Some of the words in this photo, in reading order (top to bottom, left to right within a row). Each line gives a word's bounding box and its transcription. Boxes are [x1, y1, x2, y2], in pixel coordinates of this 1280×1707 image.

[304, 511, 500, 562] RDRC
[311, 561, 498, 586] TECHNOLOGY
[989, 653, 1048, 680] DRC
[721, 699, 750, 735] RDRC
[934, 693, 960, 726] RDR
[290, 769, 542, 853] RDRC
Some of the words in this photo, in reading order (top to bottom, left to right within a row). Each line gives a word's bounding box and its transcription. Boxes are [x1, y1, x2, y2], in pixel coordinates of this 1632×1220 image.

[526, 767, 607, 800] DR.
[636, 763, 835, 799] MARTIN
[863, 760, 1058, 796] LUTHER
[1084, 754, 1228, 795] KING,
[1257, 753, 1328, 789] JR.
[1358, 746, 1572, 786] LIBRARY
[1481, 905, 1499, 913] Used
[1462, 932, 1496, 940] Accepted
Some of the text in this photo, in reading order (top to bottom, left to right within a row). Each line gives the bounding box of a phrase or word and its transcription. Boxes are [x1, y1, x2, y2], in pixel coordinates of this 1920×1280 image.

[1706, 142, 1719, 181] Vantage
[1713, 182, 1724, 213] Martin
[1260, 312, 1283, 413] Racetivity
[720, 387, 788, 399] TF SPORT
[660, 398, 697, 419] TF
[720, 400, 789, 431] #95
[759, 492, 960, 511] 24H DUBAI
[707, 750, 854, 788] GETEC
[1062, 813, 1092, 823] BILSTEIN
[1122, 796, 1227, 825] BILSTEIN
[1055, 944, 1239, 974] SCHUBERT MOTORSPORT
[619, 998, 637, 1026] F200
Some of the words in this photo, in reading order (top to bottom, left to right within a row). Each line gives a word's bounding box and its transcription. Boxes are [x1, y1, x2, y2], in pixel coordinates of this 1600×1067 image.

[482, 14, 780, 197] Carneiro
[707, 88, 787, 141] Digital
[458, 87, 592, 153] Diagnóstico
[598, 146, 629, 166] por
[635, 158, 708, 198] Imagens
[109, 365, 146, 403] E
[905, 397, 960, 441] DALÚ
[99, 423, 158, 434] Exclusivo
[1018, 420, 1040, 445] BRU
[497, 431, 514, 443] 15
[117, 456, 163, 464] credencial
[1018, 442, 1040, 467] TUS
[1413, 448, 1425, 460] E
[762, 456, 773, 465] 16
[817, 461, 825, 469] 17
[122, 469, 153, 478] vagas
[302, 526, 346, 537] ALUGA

************

This task calls for every entry above to be transcribed exactly.

Some of the words in this photo, in reading order (top to bottom, left to right within a row). Each line gives a word's bounding box and its transcription. Boxes are [x1, y1, x2, y2], in pixel coordinates of this 1280×1707 image.

[304, 511, 500, 562] RDRC
[311, 561, 498, 586] TECHNOLOGY
[989, 653, 1048, 680] DRC
[721, 699, 750, 735] RDRC
[934, 693, 960, 726] RDR
[290, 769, 542, 853] RDRC
Some of the words in this photo, in reading order (top to bottom, left to right within a row). Each line gives a word's bounding box and its transcription. Boxes are [x1, y1, x2, y2], in pixel coordinates of this 1632×1220 image.

[526, 767, 607, 800] DR.
[636, 763, 835, 799] MARTIN
[863, 760, 1058, 796] LUTHER
[1084, 754, 1228, 795] KING,
[1257, 753, 1328, 789] JR.
[1358, 746, 1572, 786] LIBRARY
[1481, 905, 1499, 913] Used
[1462, 932, 1496, 940] Accepted
Some of the text in this photo, in reading order (top to bottom, left to right within a row). Each line gives the bounding box of a phrase or word and its transcription. Boxes are [x1, y1, x2, y2], in pixel coordinates of this 1920×1280 image.

[1706, 142, 1719, 181] Vantage
[1713, 182, 1724, 213] Martin
[1260, 312, 1283, 413] Racetivity
[720, 387, 788, 399] TF SPORT
[660, 398, 697, 419] TF
[720, 400, 789, 431] #95
[759, 492, 960, 511] 24H DUBAI
[707, 750, 854, 788] GETEC
[1062, 813, 1092, 823] BILSTEIN
[1122, 796, 1227, 825] BILSTEIN
[1055, 944, 1239, 974] SCHUBERT MOTORSPORT
[619, 998, 637, 1026] F200
Some of the words in this photo, in reading order (top to bottom, left to right within a row). Each line gives a word's bounding box and its transcription. Boxes are [x1, y1, x2, y2], in pixel coordinates of this 1600×1067 image.

[482, 14, 780, 197] Carneiro
[707, 88, 787, 141] Digital
[458, 87, 592, 153] Diagnóstico
[598, 146, 629, 166] por
[635, 158, 708, 198] Imagens
[109, 365, 146, 403] E
[905, 397, 960, 441] DALÚ
[99, 423, 158, 434] Exclusivo
[1018, 420, 1040, 445] BRU
[497, 431, 514, 443] 15
[117, 456, 163, 464] credencial
[1018, 442, 1040, 467] TUS
[1413, 448, 1425, 460] E
[762, 456, 773, 465] 16
[817, 461, 825, 469] 17
[122, 469, 153, 478] vagas
[302, 526, 346, 537] ALUGA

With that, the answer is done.